Мои навигационные проблемы многократно усугублялись тем, что жители Ньюфаундленда называют tuckamore – рощами низкорослых, искривленных сильными ветрами елей и пихт. Издалека эти деревья похожи на сборище горбатых, покрытых колючками ведьм. Как и большинство других эльфийских деревьев, они могут расти сотни лет и не доставать вам даже до подбородка. Низкий рост они компенсируют невероятной жесткостью.

За время похода эти рощи вставали на моем пути бесчисленное множество раз. Обычно я бросал взгляд на часы и прикидывал, что прохождение займет минут десять, не больше. Я делал глубокий вдох и входил в густые зеленые заросли. Это было похоже на ночной кошмар. Внезапно мир мгновенно погружался во тьму, пространство хаотично искривлялось. Пока я яростно, шаг за шагом продирался вперед, ветки царапали меня до крови и вырывали бутылки с водой из карманов рюкзака. В отчаянии я пытался топтать и ломать ветки, чтобы хоть как-то отомстить им, но всё безрезультатно; они как ни в чем не бывало каждый раз снова разгибались. То тут, то там встречались следы карибу или лосей, но протоптанные ими узкие тропинки быстро исчезали или уходили в сторону. Увидев слева в просвете деревьев тонкий луч солнечного света, я менял направление и шел в его сторону только для того, чтобы упереться в очередную непроходимую лужу грязи. Это было похоже на блуждание по лабиринту. Мне не оставалось ничего иного, кроме как время от времени наклоняться и продолжать пробиваться сквозь стены.

В конце концов, окровавленный и обессиленный, я выбирался из очередной западни и смотрел на часы, которые показывали, что последние пятьдесят метров я прошел ровно за час.

Со временем, внимательно наблюдая за поведением лосей, я научился быстро находить самый простой выход из зеленых лабиринтов. Одна из лосиных хитростей заключается в том, чтобы двигаться вдоль ручьев и рек. Да, там больше грязи, но часто это оказывается самым удобным способом выбраться из чащи.
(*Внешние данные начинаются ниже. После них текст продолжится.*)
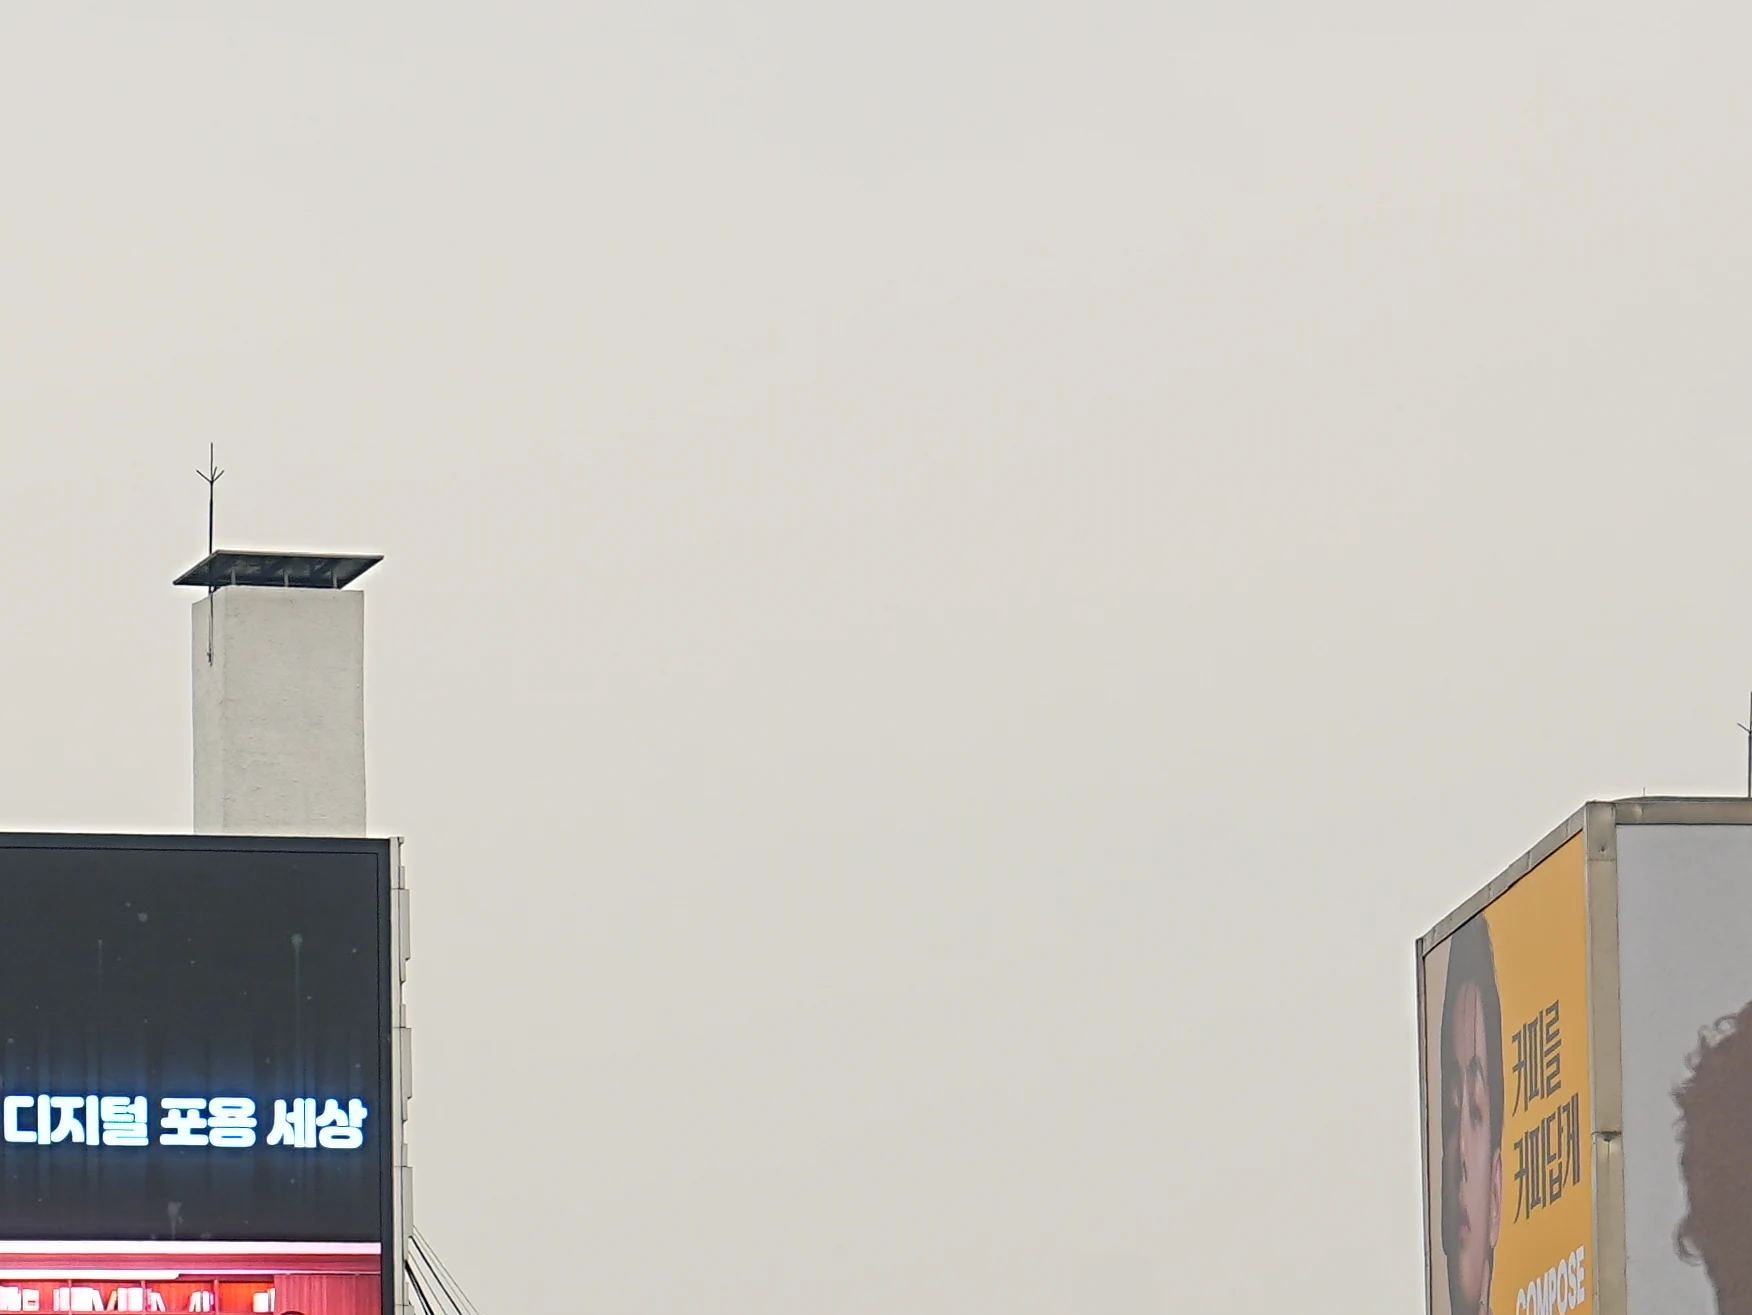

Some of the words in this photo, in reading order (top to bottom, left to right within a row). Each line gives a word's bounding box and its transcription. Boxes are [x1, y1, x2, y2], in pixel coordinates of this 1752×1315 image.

Кроме того, при ходьбе лоси высоко задирают ноги, чтобы придавливать ветки к земле. Совершенствуя эту технику, я сделал невероятное открытие: ближе к концу похода я обнаружил, что когда вопреки здравому смыслу я наступал на самые толстые ветки елей и пихт, они подпружинивали и поднимали меня вверх, благодаря чему я мог идти по кронам деревьев, словно воин из китайского фэнтези уся.

К концу второго дня я все еще был в двух милях от цели. Я потратил на день больше, чем планировал, чтобы пройти всего-навсего шестнадцать миль, и уже не в первый раз ночевал под открытым небом.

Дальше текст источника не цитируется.